--- START ---
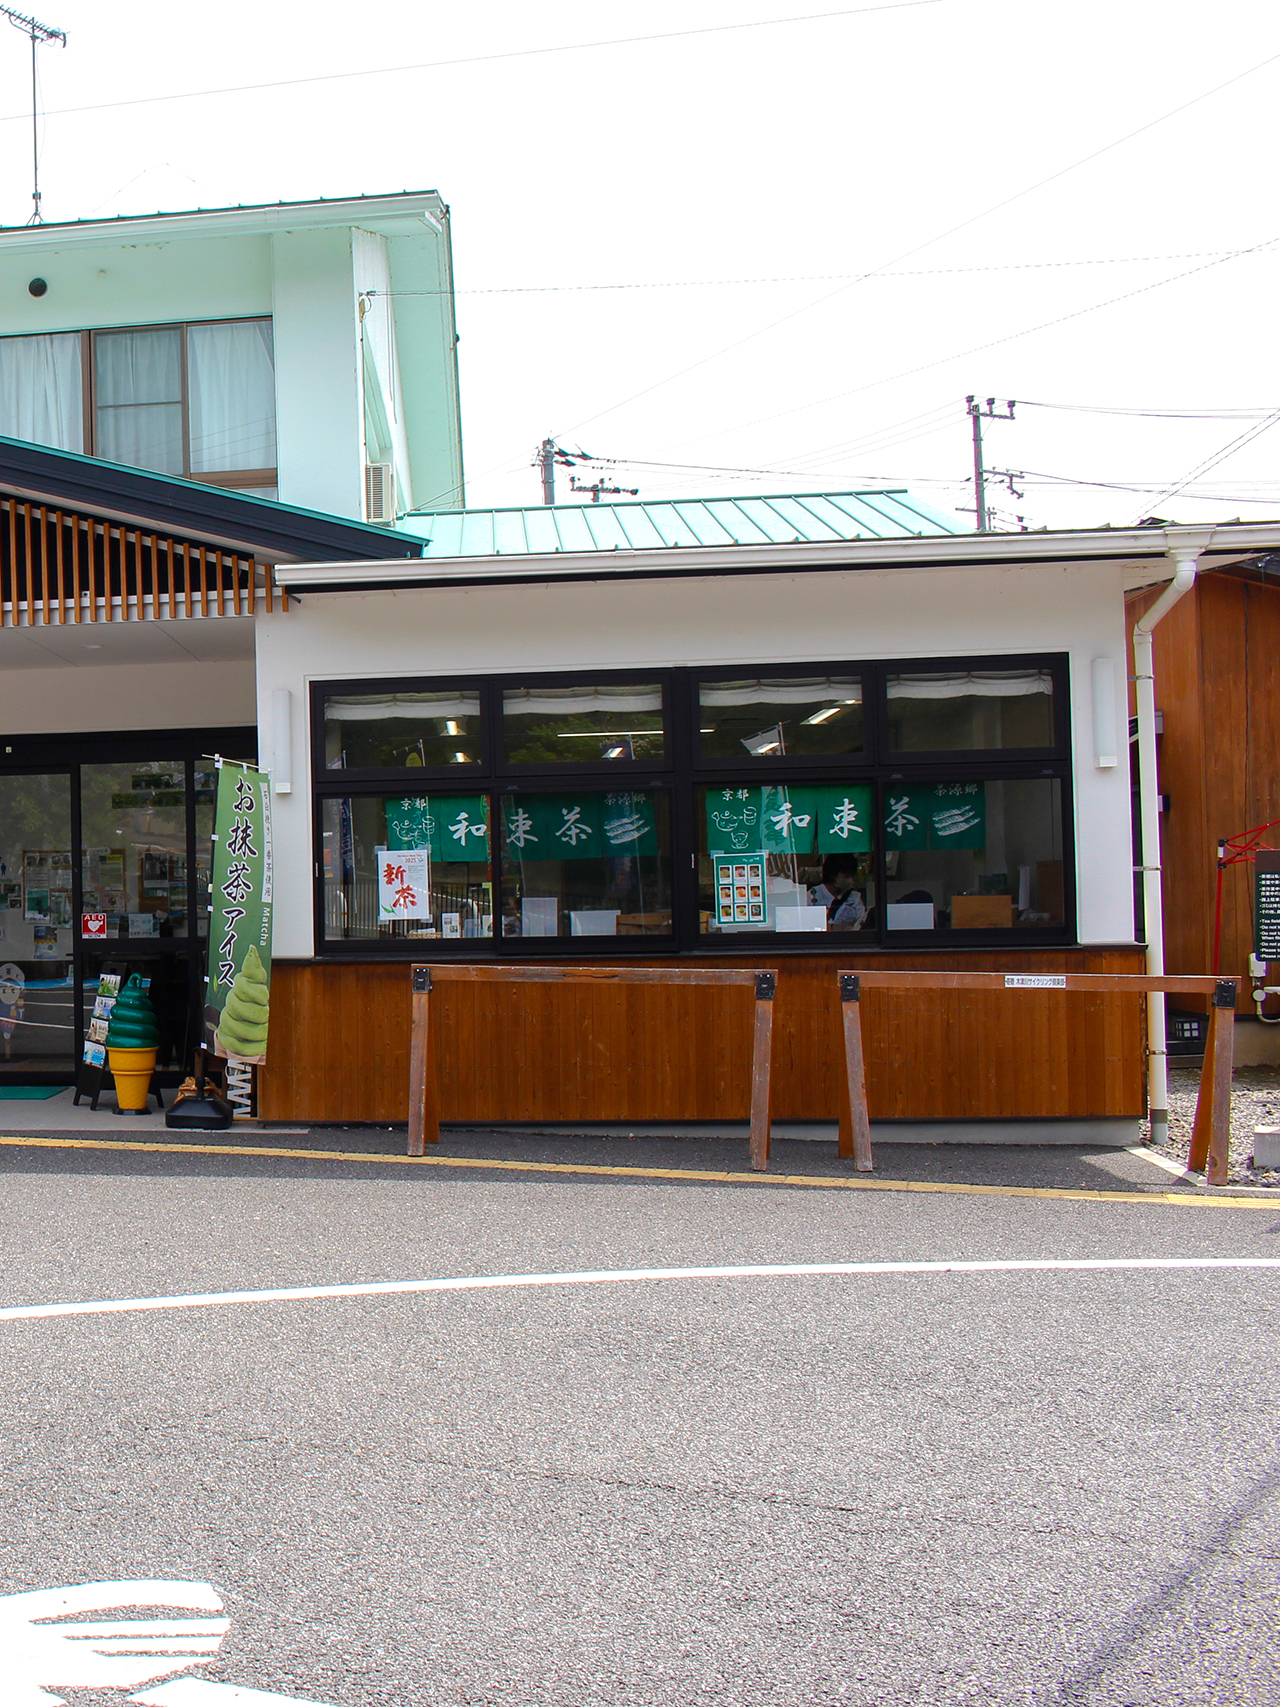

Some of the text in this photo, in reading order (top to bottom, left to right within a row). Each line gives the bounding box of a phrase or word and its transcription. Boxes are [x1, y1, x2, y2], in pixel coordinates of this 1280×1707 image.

[400, 797, 427, 812] 京都
[721, 788, 750, 802] 京都
[770, 796, 920, 839] 和束茶
[218, 775, 258, 987] お抹茶アイス
[383, 862, 418, 910] 新茶
[260, 907, 270, 946] Matcha
--- END ---
Problem statement:
Without the pictures, give back the entries exactly.

Solved problem:
Some of the text in this photo, in reading order (top to bottom, left to right within a row). Each line gives the bounding box of a phrase or word and its transcription. Boxes are [x1, y1, x2, y2], in pixel coordinates of this 1280×1707 image.

[400, 797, 427, 812] 京都
[721, 788, 750, 802] 京都
[770, 796, 920, 839] 和束茶
[218, 775, 258, 987] お抹茶アイス
[383, 862, 418, 910] 新茶
[260, 907, 270, 946] Matcha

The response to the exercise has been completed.